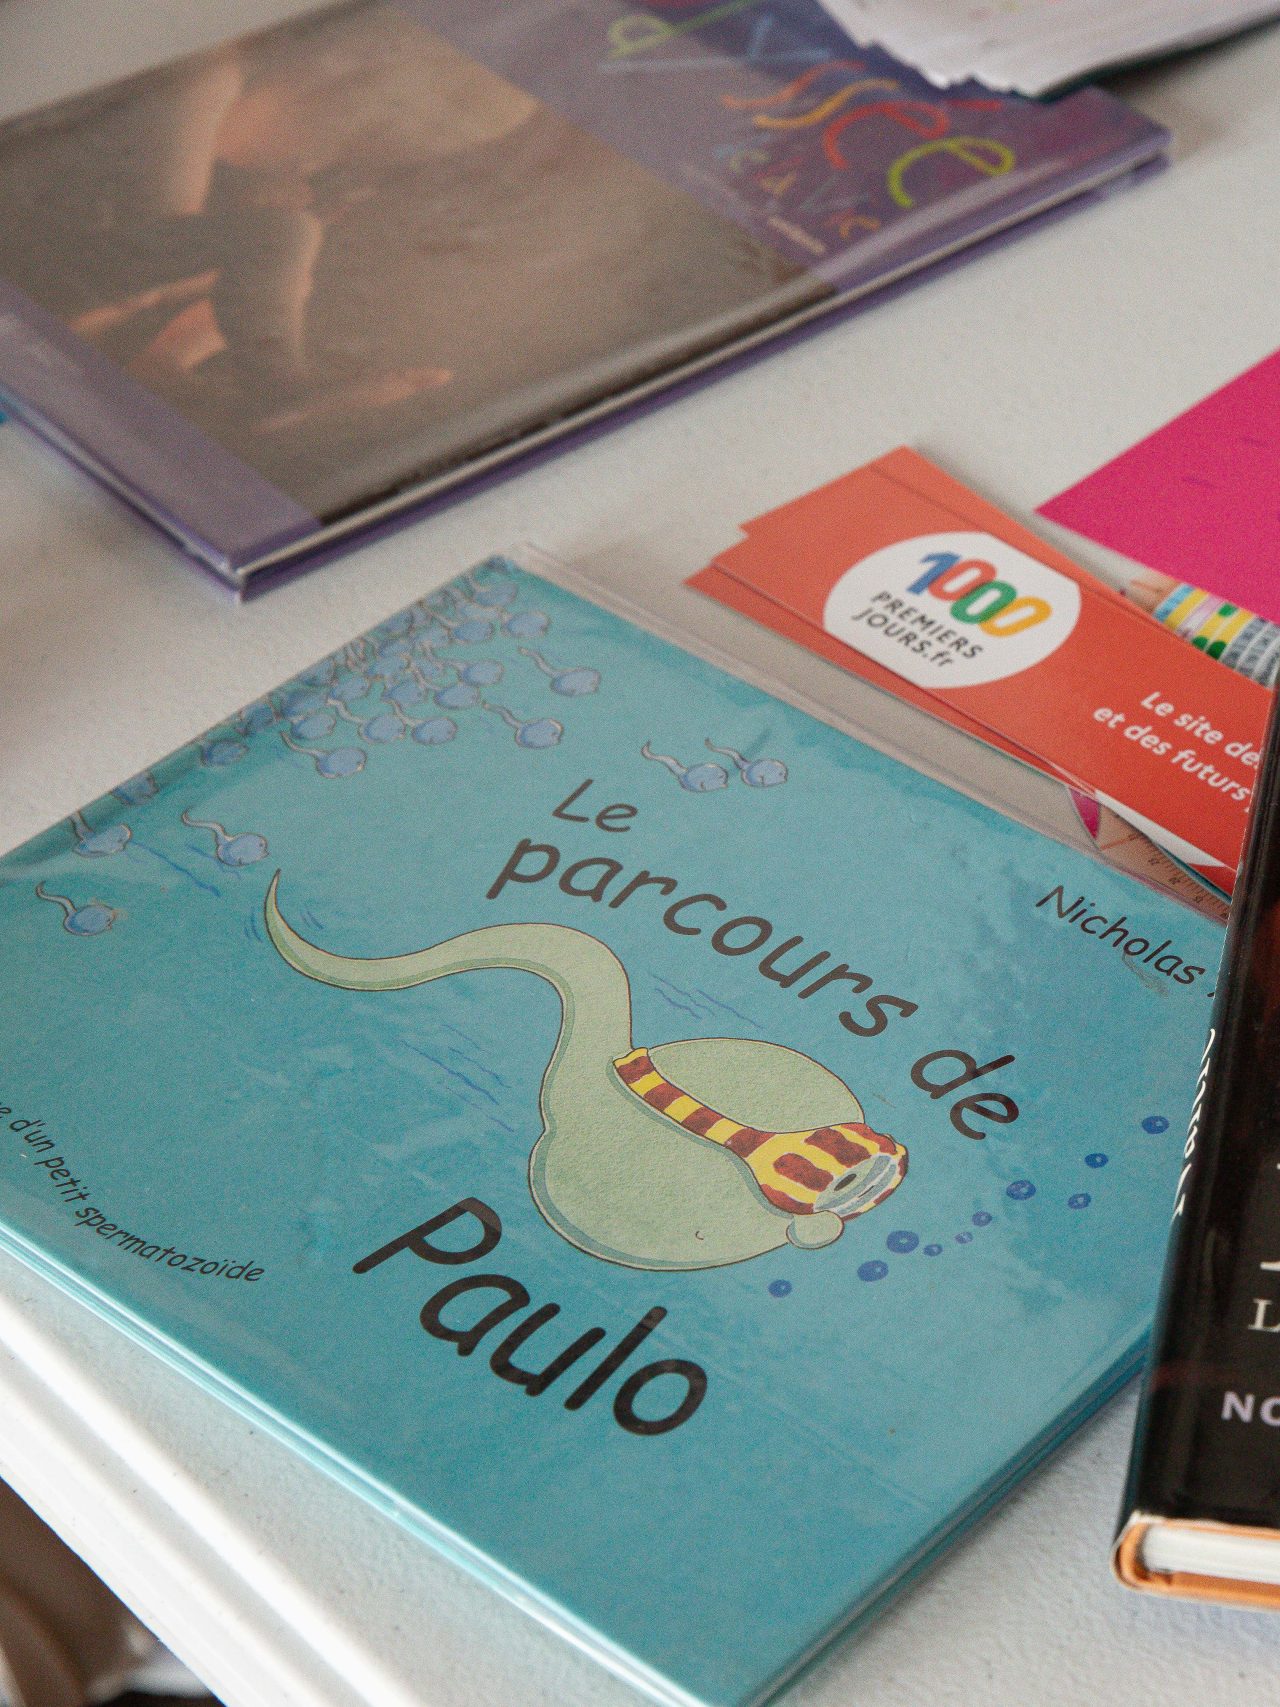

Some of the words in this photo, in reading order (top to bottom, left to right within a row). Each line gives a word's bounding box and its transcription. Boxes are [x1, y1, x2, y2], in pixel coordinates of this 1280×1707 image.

[851, 607, 955, 668] JOURS.fr
[869, 591, 984, 660] PREMIERS
[906, 551, 1052, 637] 1000
[1093, 707, 1126, 730] et
[1123, 725, 1172, 756] des
[1170, 749, 1251, 801] futurs
[1140, 691, 1175, 718] Le
[1173, 713, 1224, 745] site
[1224, 741, 1261, 770] de
[552, 779, 638, 832] Le
[1036, 884, 1206, 985] Nicholas
[486, 838, 918, 1037] parcours
[910, 1048, 1020, 1140] de
[9, 1118, 55, 1154] d'un
[33, 1156, 90, 1203] petit
[75, 1206, 265, 1282] spermatozoïde
[352, 1197, 707, 1436] Paulo

## Task item
If an entry above contains a picture, leave that picture out and copy everything else exactly.

## Problem solution
Some of the words in this photo, in reading order (top to bottom, left to right within a row). Each line gives a word's bounding box and its transcription. Boxes are [x1, y1, x2, y2], in pixel coordinates of this 1280×1707 image.

[851, 607, 955, 668] JOURS.fr
[869, 591, 984, 660] PREMIERS
[906, 551, 1052, 637] 1000
[1093, 707, 1126, 730] et
[1123, 725, 1172, 756] des
[1170, 749, 1251, 801] futurs
[1140, 691, 1175, 718] Le
[1173, 713, 1224, 745] site
[1224, 741, 1261, 770] de
[552, 779, 638, 832] Le
[1036, 884, 1206, 985] Nicholas
[486, 838, 918, 1037] parcours
[910, 1048, 1020, 1140] de
[9, 1118, 55, 1154] d'un
[33, 1156, 90, 1203] petit
[75, 1206, 265, 1282] spermatozoïde
[352, 1197, 707, 1436] Paulo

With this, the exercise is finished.